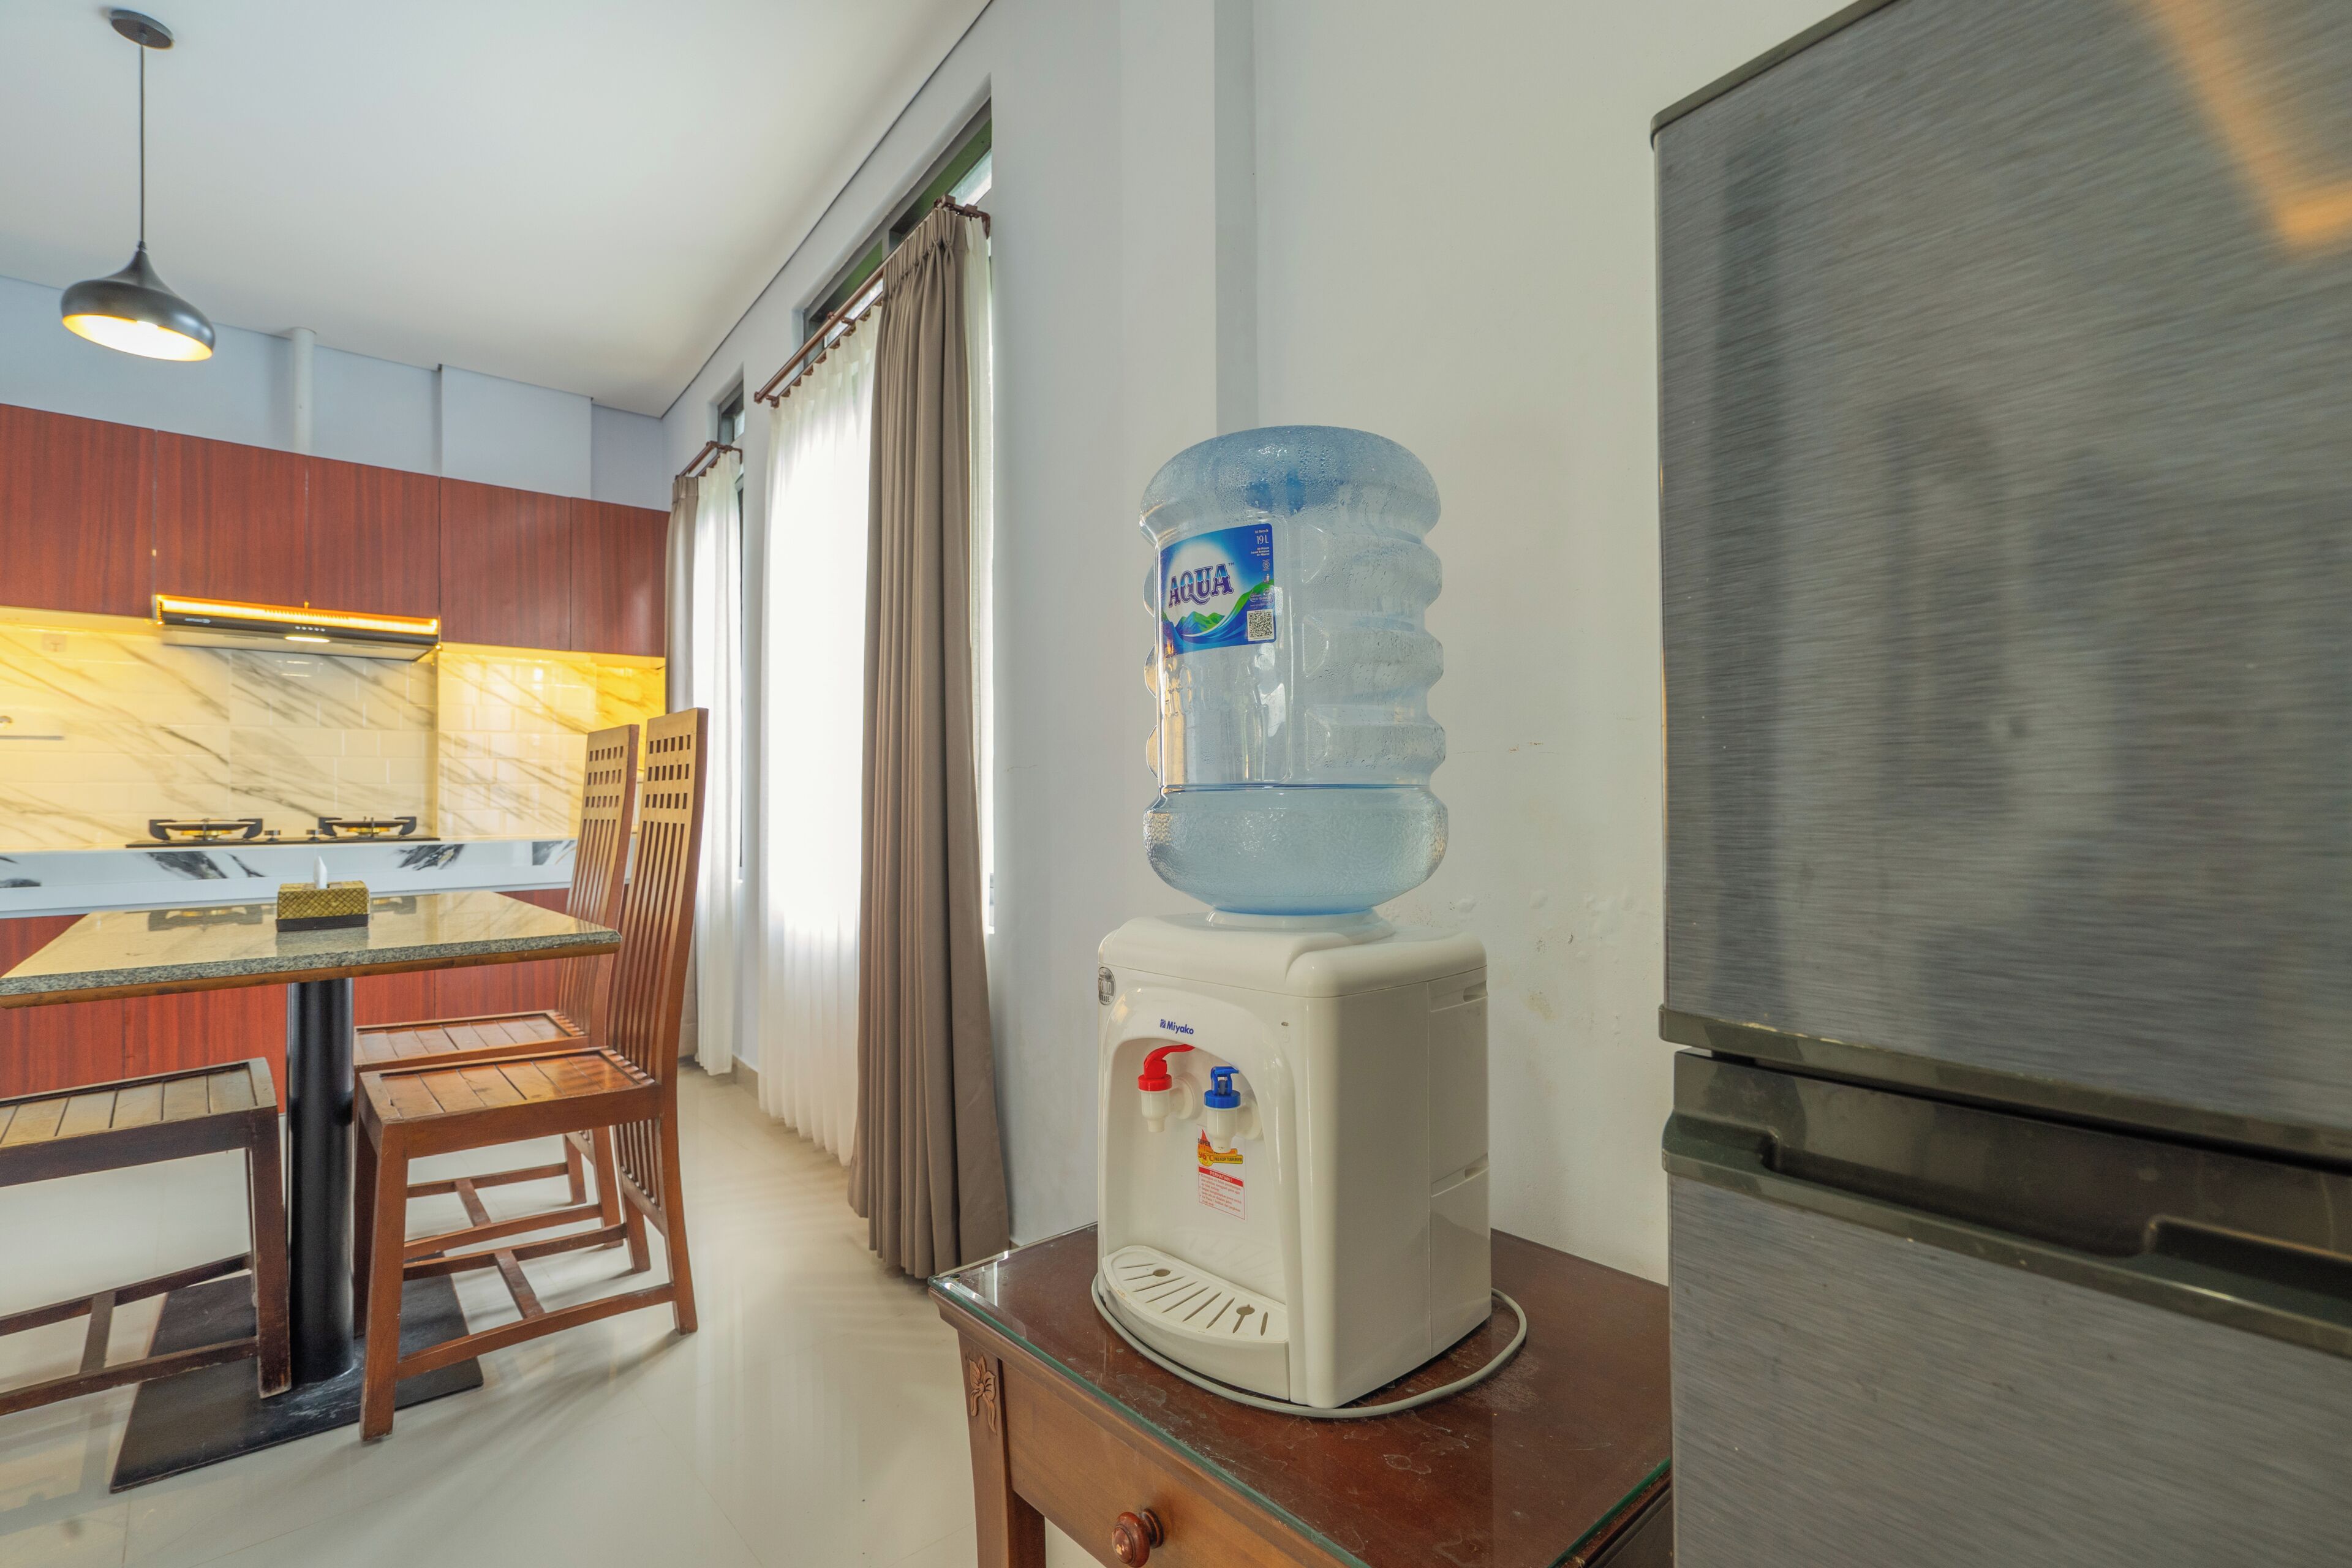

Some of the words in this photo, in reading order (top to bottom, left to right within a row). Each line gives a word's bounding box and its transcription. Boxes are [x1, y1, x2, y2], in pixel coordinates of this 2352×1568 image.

[1256, 535, 1264, 545] 19
[1265, 534, 1269, 543] L
[1169, 564, 1234, 608] AQUA
[1166, 1020, 1194, 1035] Miyako
[1210, 1170, 1231, 1182] PERHATIAN
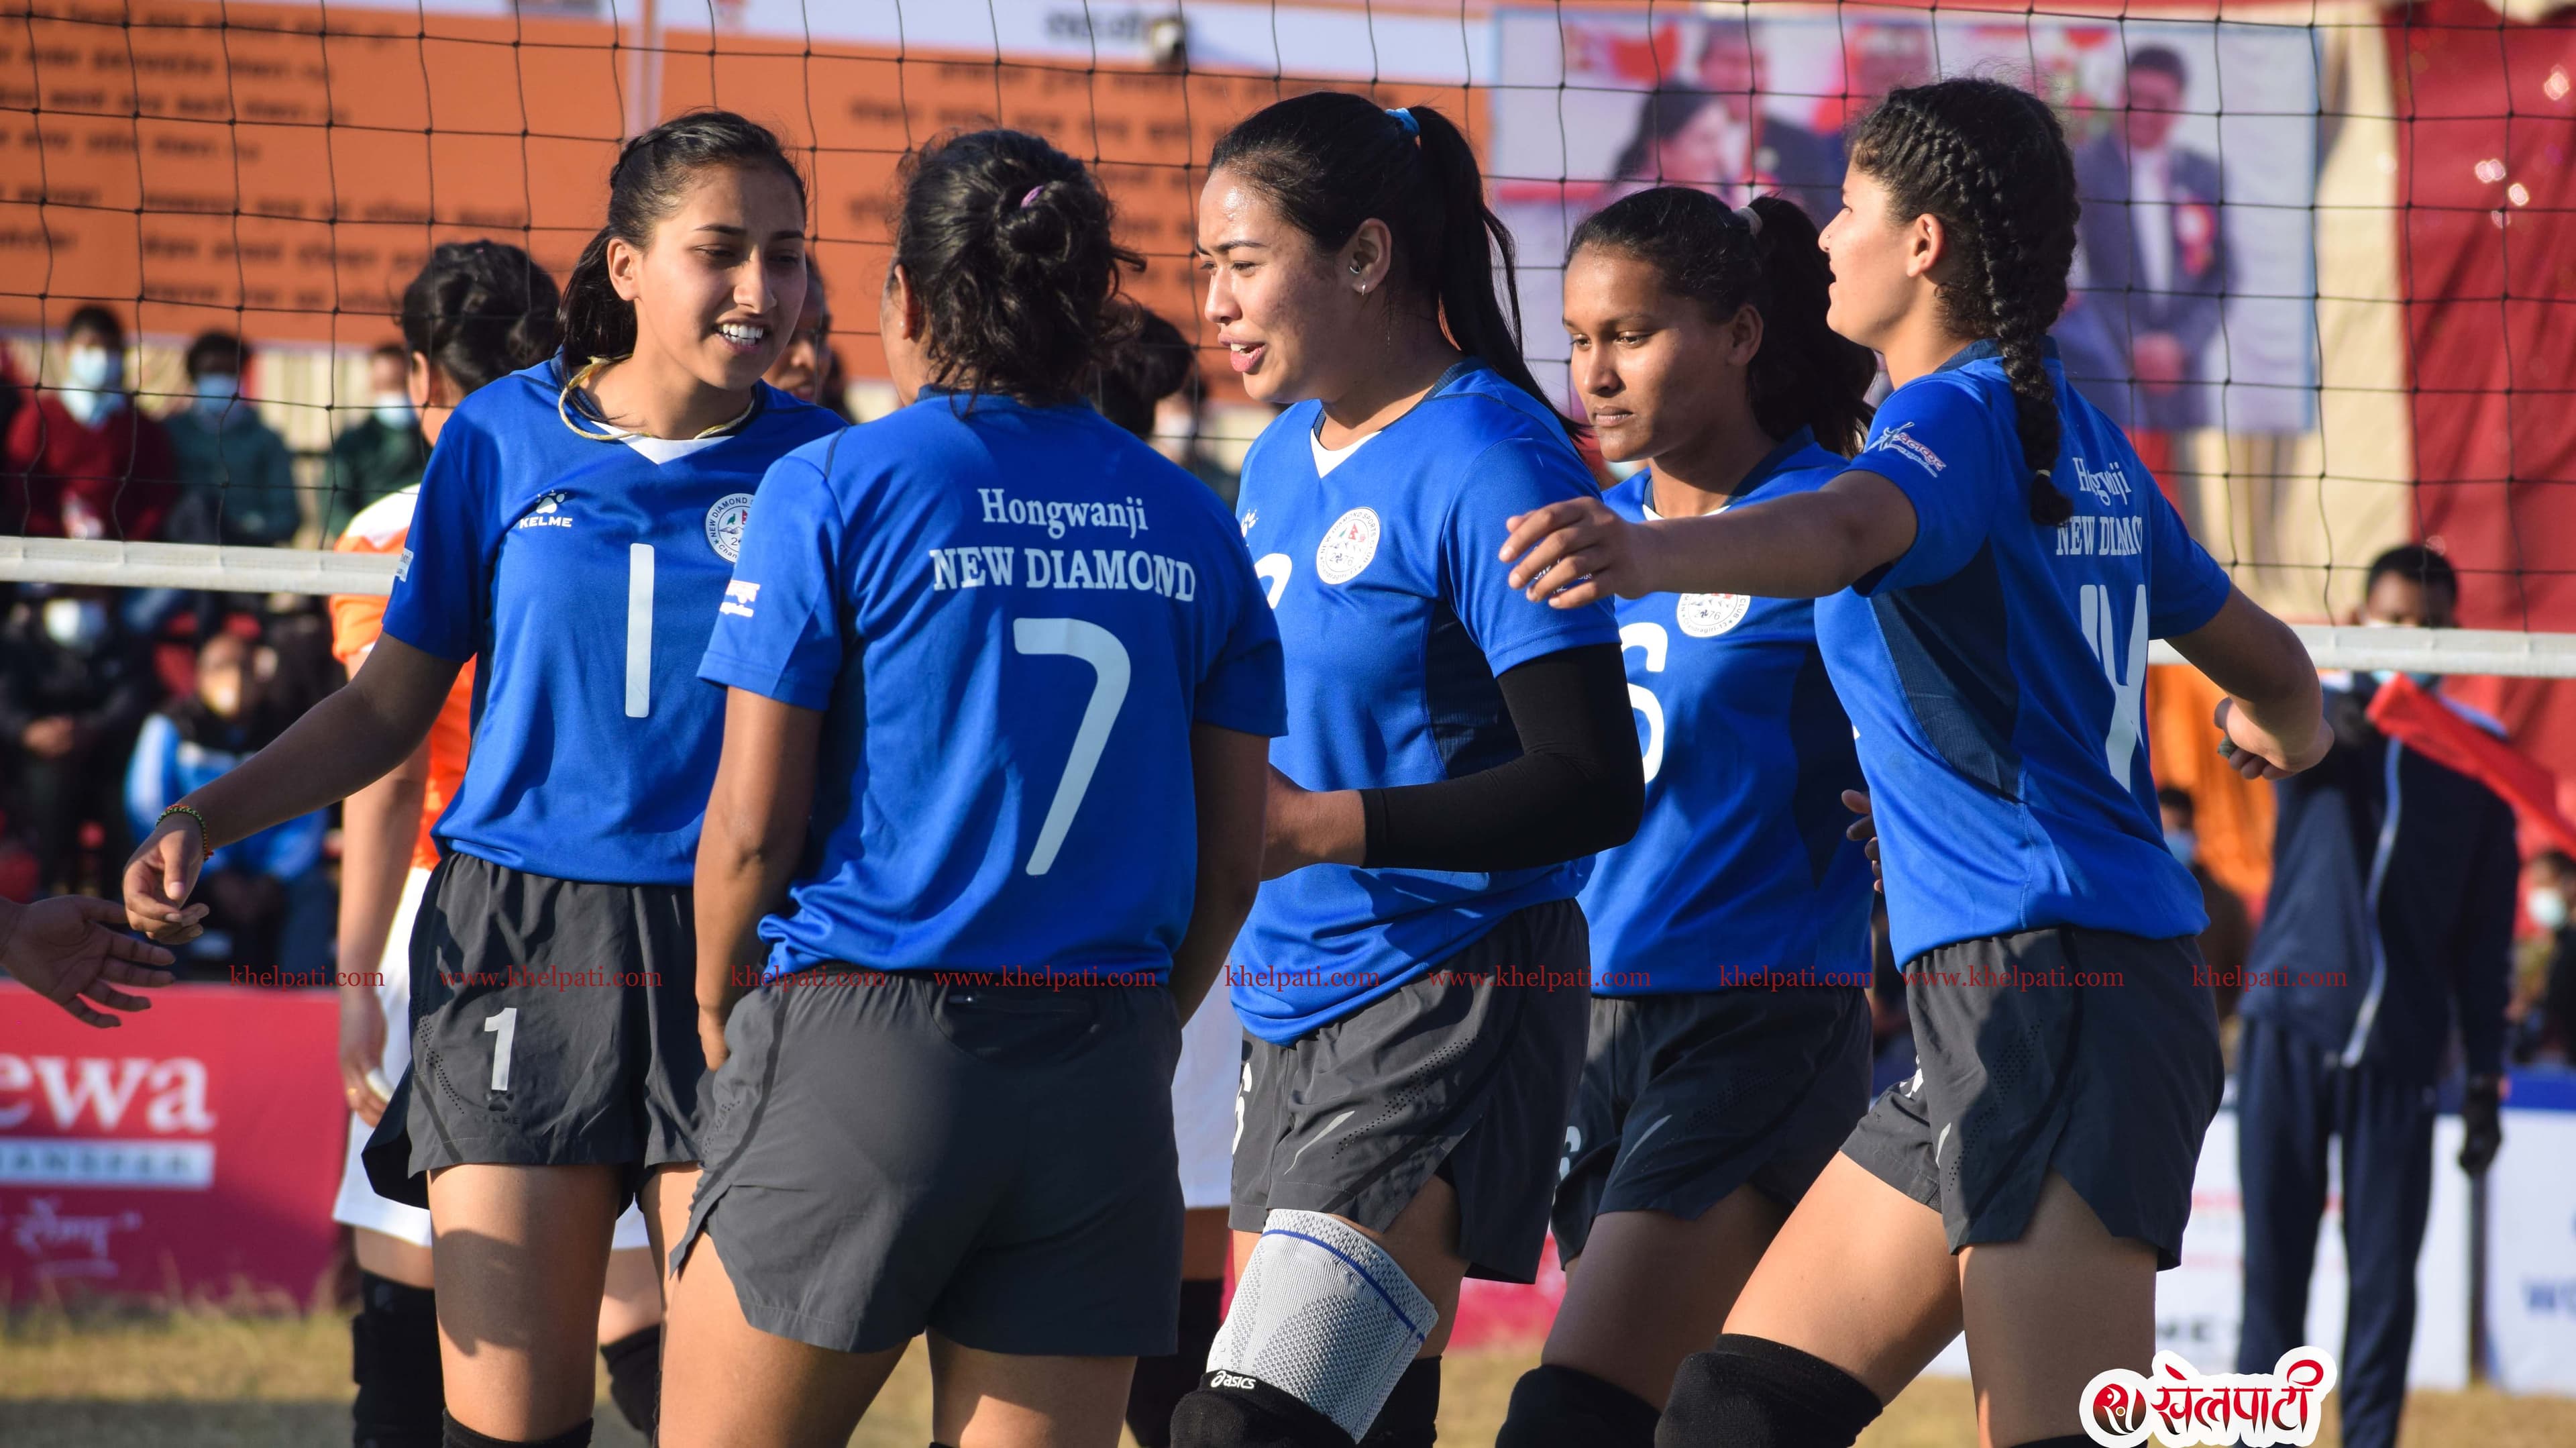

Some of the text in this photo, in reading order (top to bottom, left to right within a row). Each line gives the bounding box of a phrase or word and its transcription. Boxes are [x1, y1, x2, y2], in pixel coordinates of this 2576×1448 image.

[519, 516, 573, 529] KELME
[712, 497, 748, 518] DIAMOND
[977, 488, 1148, 539] Hongwanji
[2056, 516, 2096, 556] NEW
[929, 546, 1014, 591] NEW
[1024, 548, 1195, 602] DIAMOND
[625, 543, 655, 717] 1
[1013, 617, 1131, 876] 7
[484, 1007, 518, 1091] 1
[1222, 1374, 1256, 1390] asics

● **ASSIGNMENT**:
Can you quote exactly the lines from the one containing "Some of the text" through the last line of the records above, and nothing else?

● **WRITTEN RESPONSE**:
Some of the text in this photo, in reading order (top to bottom, left to right within a row). Each line gives the bounding box of a phrase or word and its transcription. Boxes are [x1, y1, x2, y2], in pixel coordinates of this 2576×1448 image.

[519, 516, 573, 529] KELME
[712, 497, 748, 518] DIAMOND
[977, 488, 1148, 539] Hongwanji
[2056, 516, 2096, 556] NEW
[929, 546, 1014, 591] NEW
[1024, 548, 1195, 602] DIAMOND
[625, 543, 655, 717] 1
[1013, 617, 1131, 876] 7
[484, 1007, 518, 1091] 1
[1222, 1374, 1256, 1390] asics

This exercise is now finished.